╭─ Source data

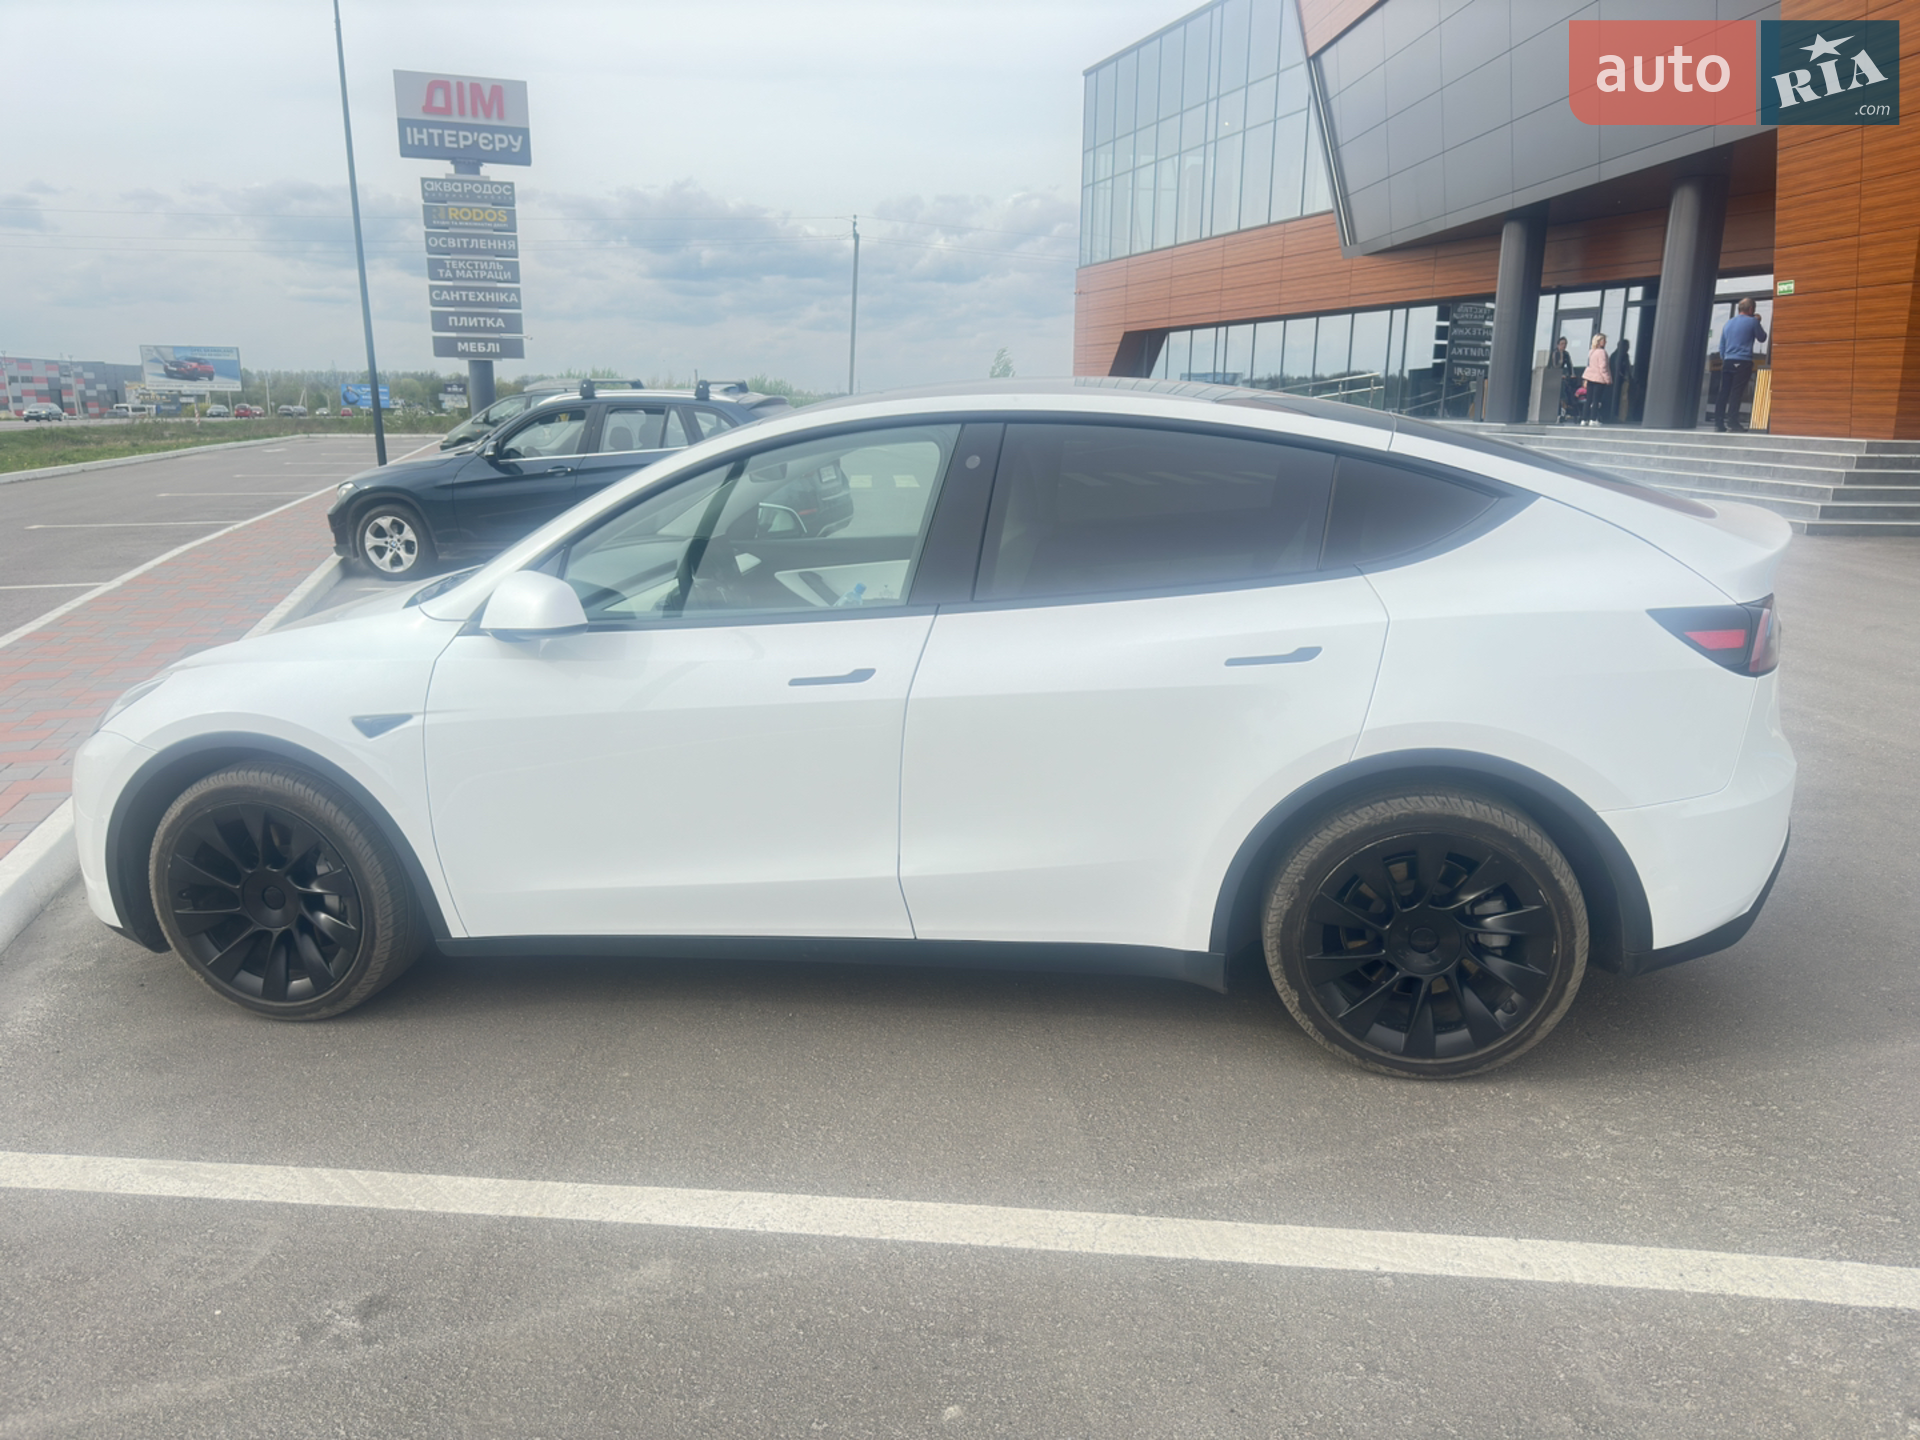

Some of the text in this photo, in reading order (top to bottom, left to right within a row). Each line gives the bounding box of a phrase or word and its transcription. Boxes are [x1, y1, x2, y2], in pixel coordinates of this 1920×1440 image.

[421, 79, 505, 120] ДІМ
[406, 126, 523, 153] ІНТЕР'ЄРУ
[448, 207, 507, 222] RODOS
[428, 236, 516, 250] ОСВІТЛЕННЯ
[444, 260, 504, 271] ТЕКСТИЛЬ
[437, 269, 512, 280] ТА МАТРАЦИ
[431, 290, 519, 303] САНТЕХНІКА
[448, 315, 506, 328] ПЛИТКА
[457, 341, 500, 353] МЕБЛІ

╰─

→ **Task prompt**
Exactly as written, reproduce all of the entries while dropping the pictures.

→ **Output for this task**
Some of the text in this photo, in reading order (top to bottom, left to right within a row). Each line gives the bounding box of a phrase or word and its transcription. Boxes are [x1, y1, x2, y2], in pixel coordinates of this 1920×1440 image.

[421, 79, 505, 120] ДІМ
[406, 126, 523, 153] ІНТЕР'ЄРУ
[448, 207, 507, 222] RODOS
[428, 236, 516, 250] ОСВІТЛЕННЯ
[444, 260, 504, 271] ТЕКСТИЛЬ
[437, 269, 512, 280] ТА МАТРАЦИ
[431, 290, 519, 303] САНТЕХНІКА
[448, 315, 506, 328] ПЛИТКА
[457, 341, 500, 353] МЕБЛІ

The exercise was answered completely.